Stolpersteine, das sind Pflastersteine mit Inschriften, eingraviert in eine Oberfläche aus Messing:
Namen, Lebensdaten, Lebensende. Vor den letzten frei gewählten Wohnhäusern erinnern sie an frühere Nachbarn, die Opfer des NS-Terrors wurden.

In Reinickendorf stolpert man immer wieder über diese kleinen Orte der Erinnerung, verlegt von der lokalen Initiative, manchmal von Privatpersonen oder Nachkommen initiiert. Damit diese Pflastersteine erhalten bleiben und nicht übersehen werden, bedürfen sie immer wieder der Pflege.

Die OG Reinickendorf-Ost von BÜNDNIS 90/DIE GRÜNEN Reinickendorf lud für den 30. Mai erneut zum Putzen der Gedenksteine und zum Verlesen der Biografien der ehemaligen Nachbarn ein, dieses Mal im Kiez zwischen der Residenzstraße und der Provinzstraße. Die Menschen, die das NS-Regime aus diesem Quartier verschleppte und tötete waren: ein jüdischer Arzt, der sich der Deportation durch Selbsttötung entzog, mehrere Personen mit psychischen Problemen und körperlichen Beeinträchtigungen, ein Arbeiter, der im sozialistischen Milieu aktiv war und einen Verfolgten versteckt hatte, vier Familienmitglieder, die jüdische Großeltern hatten und längst christlich getauft waren.
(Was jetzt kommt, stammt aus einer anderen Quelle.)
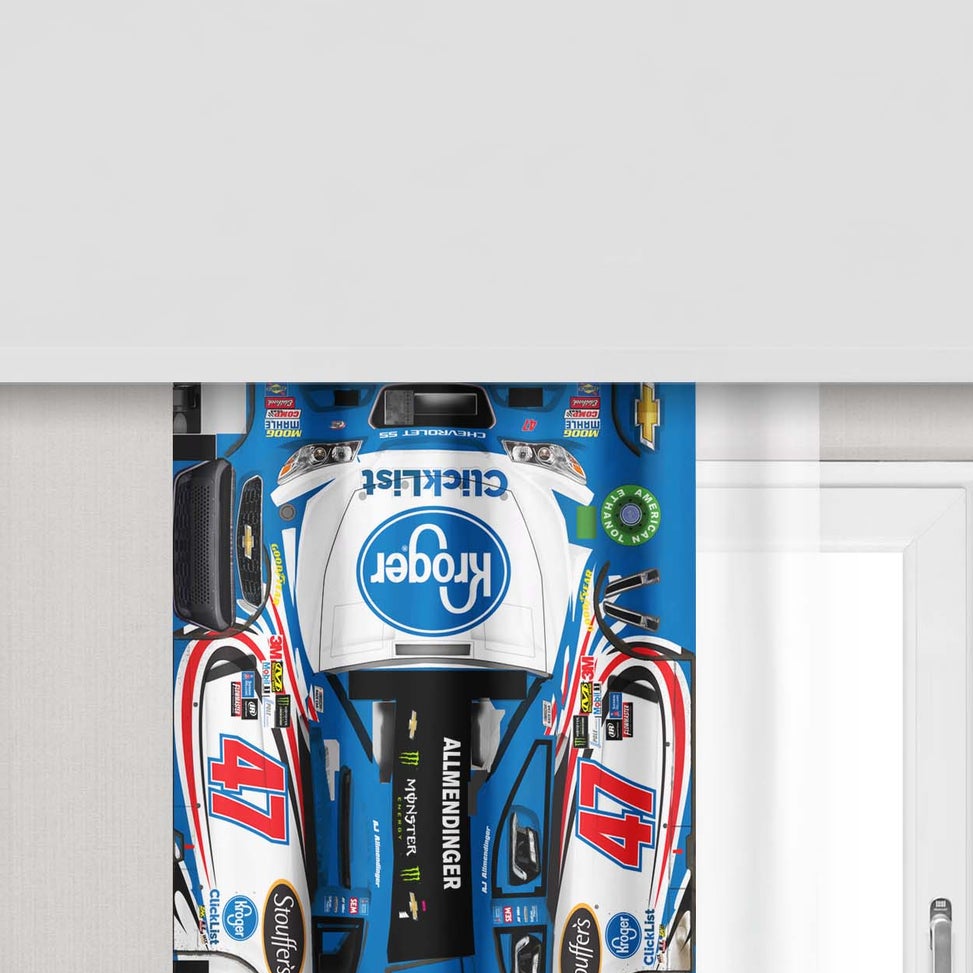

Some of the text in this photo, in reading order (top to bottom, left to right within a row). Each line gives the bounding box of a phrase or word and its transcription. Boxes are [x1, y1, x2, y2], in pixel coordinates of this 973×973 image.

All diese Schicksale spielten sich ab in Straßen, in denen wir täglich unterwegs sind: Residenzstraße, Kühleweinstraße, Papierstraße, Granatenstraße, Provinzstraße und Hoppestraße. Nach der Reinigung wieder glänzend und für Passanten sichtbar, ermahnen uns die Stolpersteine, wachsam zu sein und uns menschenfeindlichen Bestrebungen zu widersetzen.